Exploring causal relationships and shared genomic signatures of coronary artery disease and stroke

Coronary artery disease (CAD) has been shown to be associated with stroke risk. However, the causal genetic overlap and shared genetic architecture underlying CAD and stroke remain unknown. Here, we aim to identify shared genetic relationships between CAD and stroke, focusing on causal genetic overlap, causal directions, and novel risk loci. Using MiXeR, we identified substantial causal variants (∼900) shared between CAD and stroke. LD score regression analysis showed a significant positive genetic correlation (rG = 0.49, P = 1.4 × 10 ⁻⁴⁸ ) between CAD and stroke. We conducted Mendelian randomization analyses to estimate the potential causal association between CAD and stroke.

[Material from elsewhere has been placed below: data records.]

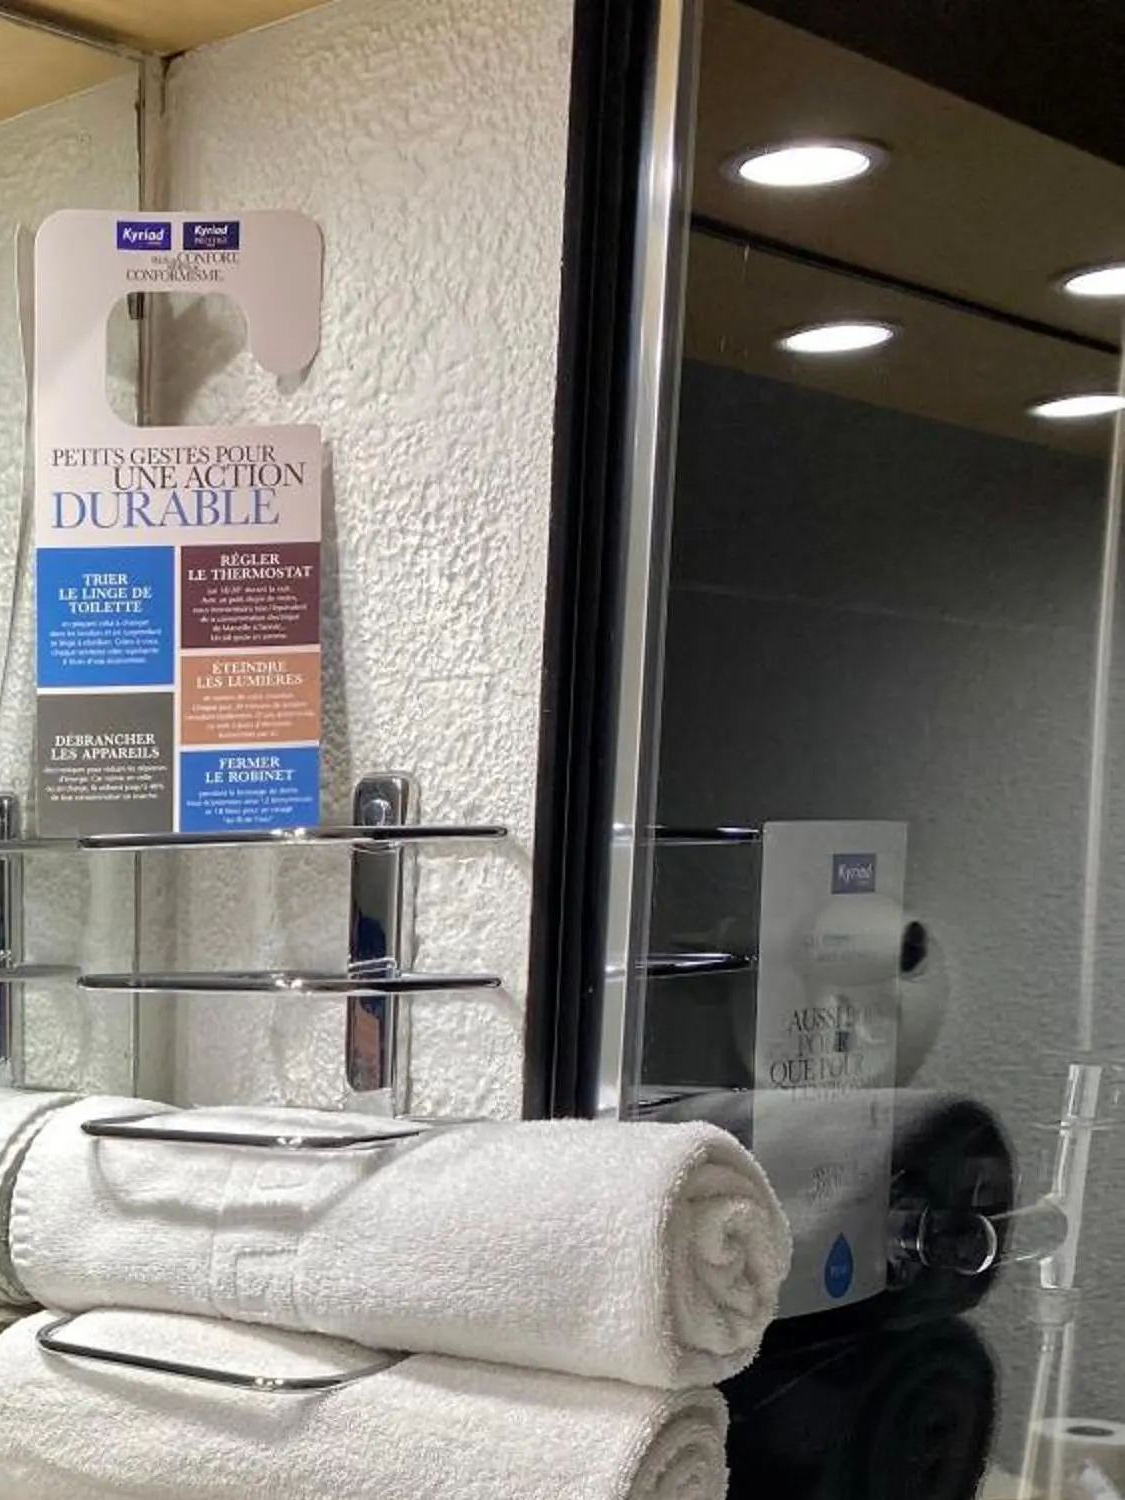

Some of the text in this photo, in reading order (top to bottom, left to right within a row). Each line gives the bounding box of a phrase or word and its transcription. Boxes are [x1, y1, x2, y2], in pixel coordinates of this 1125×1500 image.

[122, 227, 165, 244] Kyriad
[194, 225, 228, 237] Kyriad
[51, 444, 277, 467] PETITS GESTES POUR
[113, 461, 306, 490] UNE ACTION
[51, 487, 280, 529] DURABLE
[83, 573, 129, 586] TRIER
[188, 565, 313, 581] LE THERMOSTAT
[58, 586, 153, 601] LE LINGE DE
[68, 601, 144, 614] TOILETTE
[196, 675, 223, 689] LES
[50, 747, 160, 761] LES APPAREILS
[218, 756, 281, 770] FERMER
[205, 769, 295, 784] LE ROBINET

We observed the significant causal association of CAD with the risk of stroke, independent from its common confounding factors, including type 2 diabetes, atrial fibrillation, BMI, smoking, and educational attainment. Multi-traits GWAS meta-analysis identified novel SNPs, while Summary-based Mendelian randomization analysis (SMR) was performed to identify causal risk genes linked to CAD and stroke. We identified 14 overlapping novel independent loci. SMR analysis further identified putative causal genes shared between CAD and stroke. This study advances our understanding of the shared genetic architecture and causal association between CAD and stroke risk, potentially indicating a common molecular mechanism underlying both conditions.